Edifiés par sa capacité à échapper à sept complots et à un grave accident d'avion, les Togolais n'étaient pas loin de le croire indestructible. Mais le président Gnassingbé Eyadéma, l'homme aux éternelles lunettes noires et à la carrure d'athlète, a rendu les armes, samedi matin, à l'âge de 69 ans. Malade depuis plusieurs années, le doyen des chefs d'Etat africains, au pouvoir depuis 1967, séjournait régulièrement dans des cliniques en Italie et en Suisse. Avec lui disparaît, estime Eric Deroo, auteur d'un documentaire sur le défunt président, «une espèce hybride de dirigeant africain issu de la coloniale» (1). Un digne représentant de cette «Françafrique» en nette perte de vitesse.
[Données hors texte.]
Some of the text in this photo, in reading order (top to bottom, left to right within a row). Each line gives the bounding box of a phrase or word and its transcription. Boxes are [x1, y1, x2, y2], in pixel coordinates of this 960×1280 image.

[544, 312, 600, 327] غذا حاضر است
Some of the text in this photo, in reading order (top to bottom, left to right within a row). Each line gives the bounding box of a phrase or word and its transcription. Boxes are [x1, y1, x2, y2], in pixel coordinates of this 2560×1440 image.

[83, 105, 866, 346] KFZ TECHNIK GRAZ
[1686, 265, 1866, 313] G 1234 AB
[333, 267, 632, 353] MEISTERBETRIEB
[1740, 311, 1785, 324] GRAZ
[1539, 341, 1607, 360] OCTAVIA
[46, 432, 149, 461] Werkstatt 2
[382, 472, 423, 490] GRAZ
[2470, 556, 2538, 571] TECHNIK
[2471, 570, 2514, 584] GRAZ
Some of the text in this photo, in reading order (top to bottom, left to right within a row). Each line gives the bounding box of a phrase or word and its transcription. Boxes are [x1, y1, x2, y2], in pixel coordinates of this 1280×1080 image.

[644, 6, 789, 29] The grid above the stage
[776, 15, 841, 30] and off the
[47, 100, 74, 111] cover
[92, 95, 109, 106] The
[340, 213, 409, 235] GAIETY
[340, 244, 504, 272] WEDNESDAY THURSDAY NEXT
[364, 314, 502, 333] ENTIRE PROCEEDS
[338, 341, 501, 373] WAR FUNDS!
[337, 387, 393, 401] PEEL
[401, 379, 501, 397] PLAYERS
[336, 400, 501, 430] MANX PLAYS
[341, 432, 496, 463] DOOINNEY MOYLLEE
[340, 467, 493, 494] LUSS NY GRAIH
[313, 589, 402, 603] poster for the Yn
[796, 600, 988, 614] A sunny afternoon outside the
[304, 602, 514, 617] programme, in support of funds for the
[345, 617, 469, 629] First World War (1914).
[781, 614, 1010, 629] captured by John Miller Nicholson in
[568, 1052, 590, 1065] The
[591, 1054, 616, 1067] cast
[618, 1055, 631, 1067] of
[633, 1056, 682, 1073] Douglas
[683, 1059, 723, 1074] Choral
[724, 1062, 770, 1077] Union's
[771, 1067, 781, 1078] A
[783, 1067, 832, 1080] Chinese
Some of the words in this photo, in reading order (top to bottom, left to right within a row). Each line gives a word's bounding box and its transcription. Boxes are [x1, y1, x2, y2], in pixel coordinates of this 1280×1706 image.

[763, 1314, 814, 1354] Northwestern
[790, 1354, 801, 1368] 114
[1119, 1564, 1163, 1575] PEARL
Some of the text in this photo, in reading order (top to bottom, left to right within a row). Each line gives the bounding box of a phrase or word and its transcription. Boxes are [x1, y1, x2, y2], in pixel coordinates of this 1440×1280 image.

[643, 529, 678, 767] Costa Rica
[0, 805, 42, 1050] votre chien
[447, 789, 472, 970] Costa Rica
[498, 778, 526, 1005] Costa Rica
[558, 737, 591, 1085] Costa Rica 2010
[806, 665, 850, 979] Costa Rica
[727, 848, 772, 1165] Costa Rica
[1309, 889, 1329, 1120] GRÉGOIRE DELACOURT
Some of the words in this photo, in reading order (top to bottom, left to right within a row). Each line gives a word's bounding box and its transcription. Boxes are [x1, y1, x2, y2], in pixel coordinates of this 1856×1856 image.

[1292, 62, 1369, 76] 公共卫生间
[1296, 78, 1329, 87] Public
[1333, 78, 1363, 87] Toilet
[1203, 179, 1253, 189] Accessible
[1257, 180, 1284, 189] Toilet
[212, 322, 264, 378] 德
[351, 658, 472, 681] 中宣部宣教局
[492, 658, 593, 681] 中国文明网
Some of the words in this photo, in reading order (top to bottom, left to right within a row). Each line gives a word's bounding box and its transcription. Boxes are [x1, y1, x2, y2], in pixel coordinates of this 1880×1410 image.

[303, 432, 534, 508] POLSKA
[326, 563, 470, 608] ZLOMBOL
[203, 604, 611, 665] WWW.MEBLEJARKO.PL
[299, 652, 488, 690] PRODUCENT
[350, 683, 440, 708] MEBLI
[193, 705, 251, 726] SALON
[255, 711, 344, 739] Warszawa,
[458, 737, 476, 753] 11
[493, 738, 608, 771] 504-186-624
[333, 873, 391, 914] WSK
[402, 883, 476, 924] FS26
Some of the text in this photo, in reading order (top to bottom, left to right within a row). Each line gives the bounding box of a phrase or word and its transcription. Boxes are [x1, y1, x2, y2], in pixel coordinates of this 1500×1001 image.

Grade modeste. Né en 1935 dans une famille paysanne du nord du Togo, Eyadéma a à peine 18 ans quand il s'engage dans l'armée française. C'est alors un solide gaillard, auréolé de son titre de champion de lutte obtenu plusieurs fois d'affilée. Durant une dizaine d'années, il va combattre, notamment en Indochine et en Algérie, avant de revenir, en 1962, au Togo avec le modeste grade de sergent-chef. Jusqu'à sa mort, Eyadéma n'aimait rien tant qu'évoquer ces années-là, tout en écoutant En passant par la Lorraine...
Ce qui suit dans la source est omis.